Almost a year later, it is my experience with the Chinese media that has affected my worldview of the global media.
Chinese media and its influence has attracted fierce debate. Shortly after my stay in China, I was holed up in a postgraduate class in London discussing Chinese intervention in communication and development in Africa. Why the hullabaloo about Chinese media in Africa? What are Chinese media doing differently?
It is all about style.
While in China, I had an opportunity to listen to Professor Zhang Yanqiu, of the Communication University of China, present what she called "the constructive journalism paradigm that China embraces". It was a compelling argument.
She argued that the Chinese media and its engagement with Africa should be seen in a constructive journalism perspective (focus on one problem for a period of time to stimulate discourse that can lead to a solution).

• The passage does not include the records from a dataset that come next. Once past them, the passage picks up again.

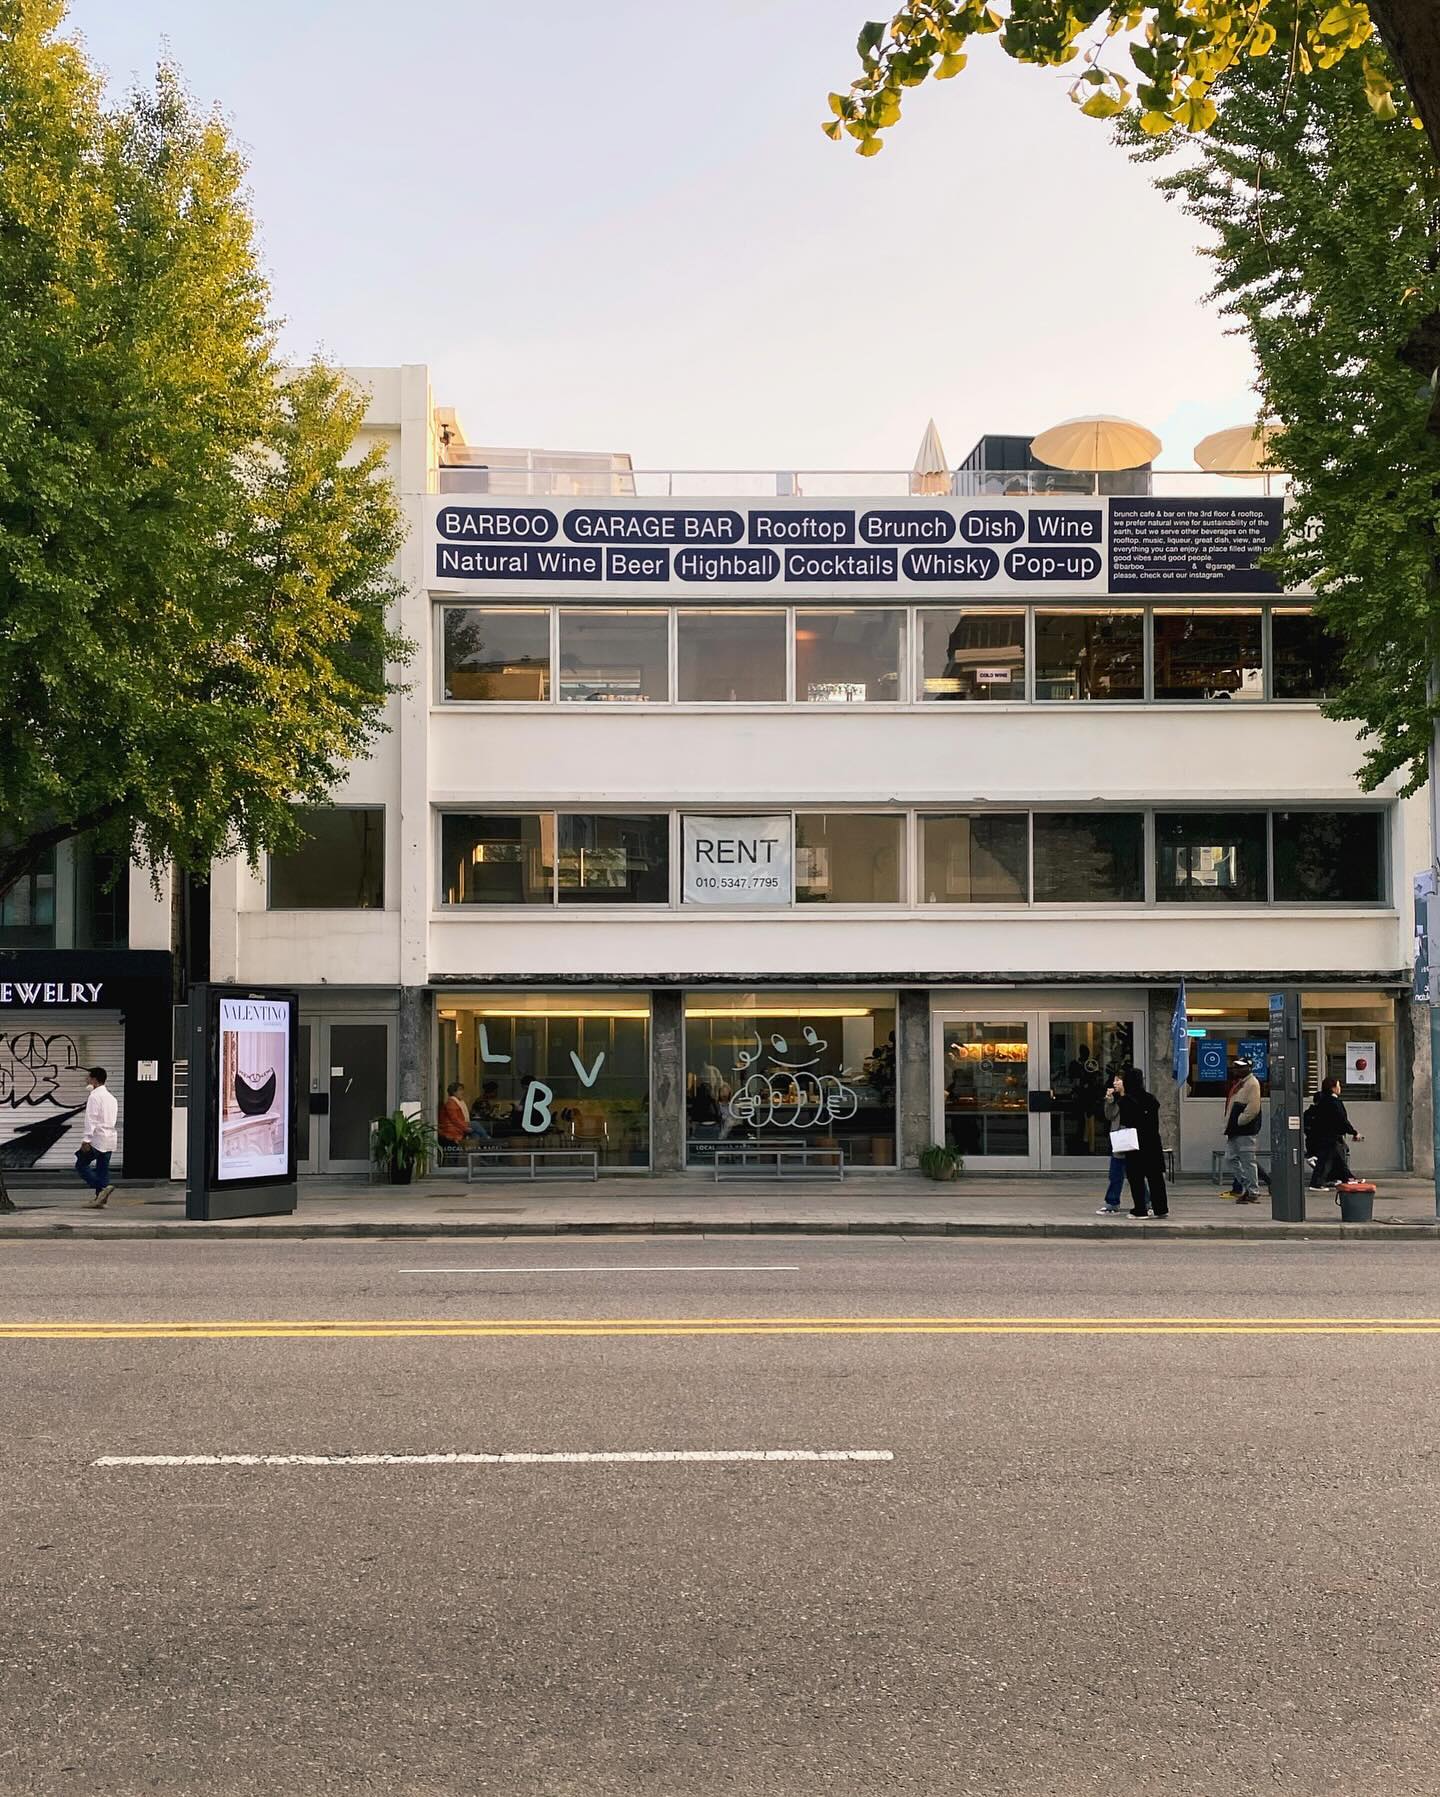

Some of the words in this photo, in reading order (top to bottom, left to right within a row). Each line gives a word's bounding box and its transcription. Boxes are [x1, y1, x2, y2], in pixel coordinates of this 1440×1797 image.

[445, 514, 550, 537] BARBOO
[574, 516, 675, 538] GARAGE
[683, 517, 734, 538] BAR
[756, 518, 847, 543] Rooftop
[867, 517, 947, 537] Brunch
[968, 516, 1017, 537] Dish
[1037, 516, 1095, 536] Wine
[1201, 528, 1236, 536] beverages
[1114, 546, 1149, 554] everything
[1209, 546, 1228, 554] place
[442, 551, 528, 573] Natural
[536, 552, 597, 572] Wine
[611, 555, 664, 575] Beer
[681, 556, 774, 580] Highball
[789, 555, 894, 576] Cocktails
[911, 553, 991, 579] Whisky
[1011, 553, 1096, 578] Pop-up
[696, 840, 778, 863] RENT
[696, 878, 778, 888] 010.5347.7795
[223, 1004, 287, 1021] VALENTINO
[478, 1023, 512, 1063] L
[570, 1050, 605, 1087] V
[522, 1080, 553, 1133] B

"Constructive journalism is different from the simple Western 'watchdog' journalism. It is not the journalism of extremes of positive and negative reporting," she said. "What the Chinese media is doing in Africa is to construct and reconstruct, not deconstruct."
The core of her argument was that, under constructive journalism, the media empowers people; information can be used constructively while remaining accurate and critical where necessary.

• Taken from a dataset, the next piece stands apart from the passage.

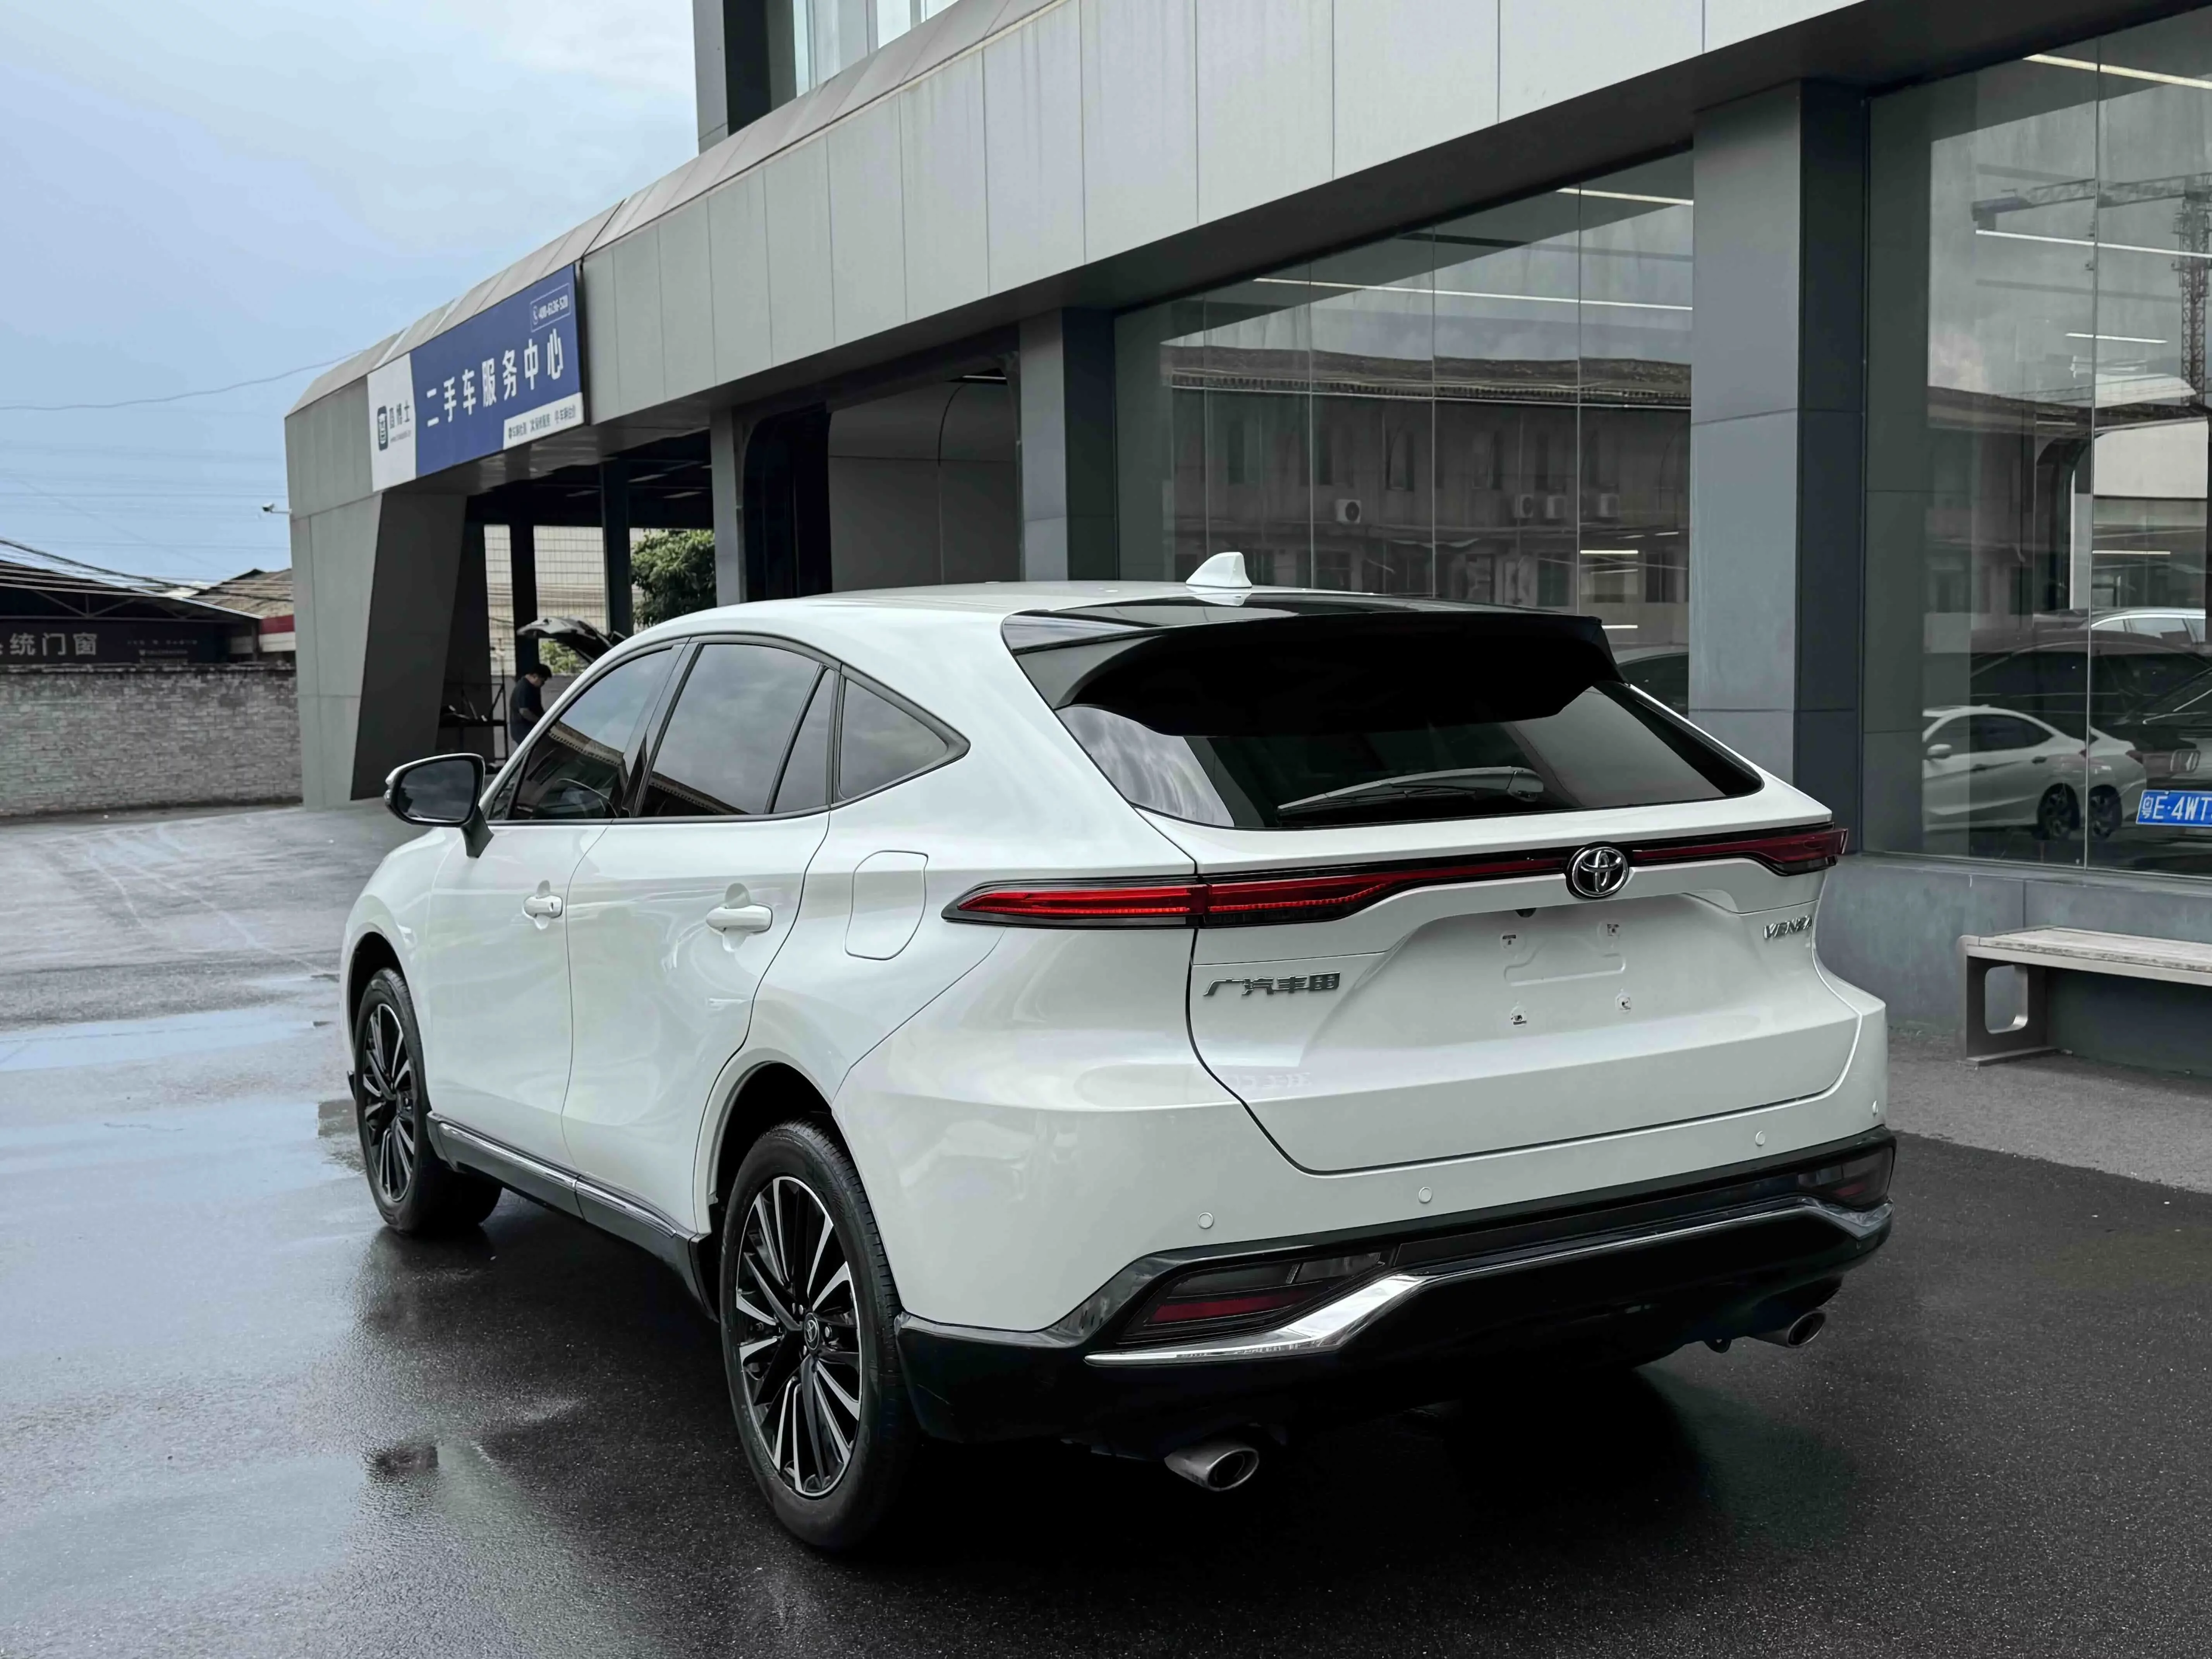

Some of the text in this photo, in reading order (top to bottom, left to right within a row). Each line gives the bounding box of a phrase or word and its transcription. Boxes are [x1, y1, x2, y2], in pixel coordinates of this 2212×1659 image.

[427, 328, 563, 427] 二手车服务中心
[0, 632, 97, 656] 统门窗
[2142, 795, 2212, 821] 粤E·4WT
[1203, 971, 1340, 996] 广汽丰田

From my experience, it is the interpretation of "positive reporting" that has put the Chinese and Western styles on a collision course. Michael Binyon, a journalist with The Times of London, said: "In Africa, as in all countries, coups, accidents, natural disasters, emergencies, political changes and other 'negative' items of news will always get attention. Any Chinese proposal to curtail such reporting would be ridiculous."
It is the approach in reporting on such "negative stories" that makes the difference. The Chinese approach has been more about reporting with a view to finding solutions to problems, while the Western style has done little in this regard.
What China has done is to create mutual understanding in its partnership with the African media. African journalists have been given voices to tell their own stories. Africa has been given a chance to objectively report about itself on the global stage using Chinese media outlets.
Let the debate continue.
The author is a reporter for the New Times in Rwanda and a master's student at the University of Westminster in London.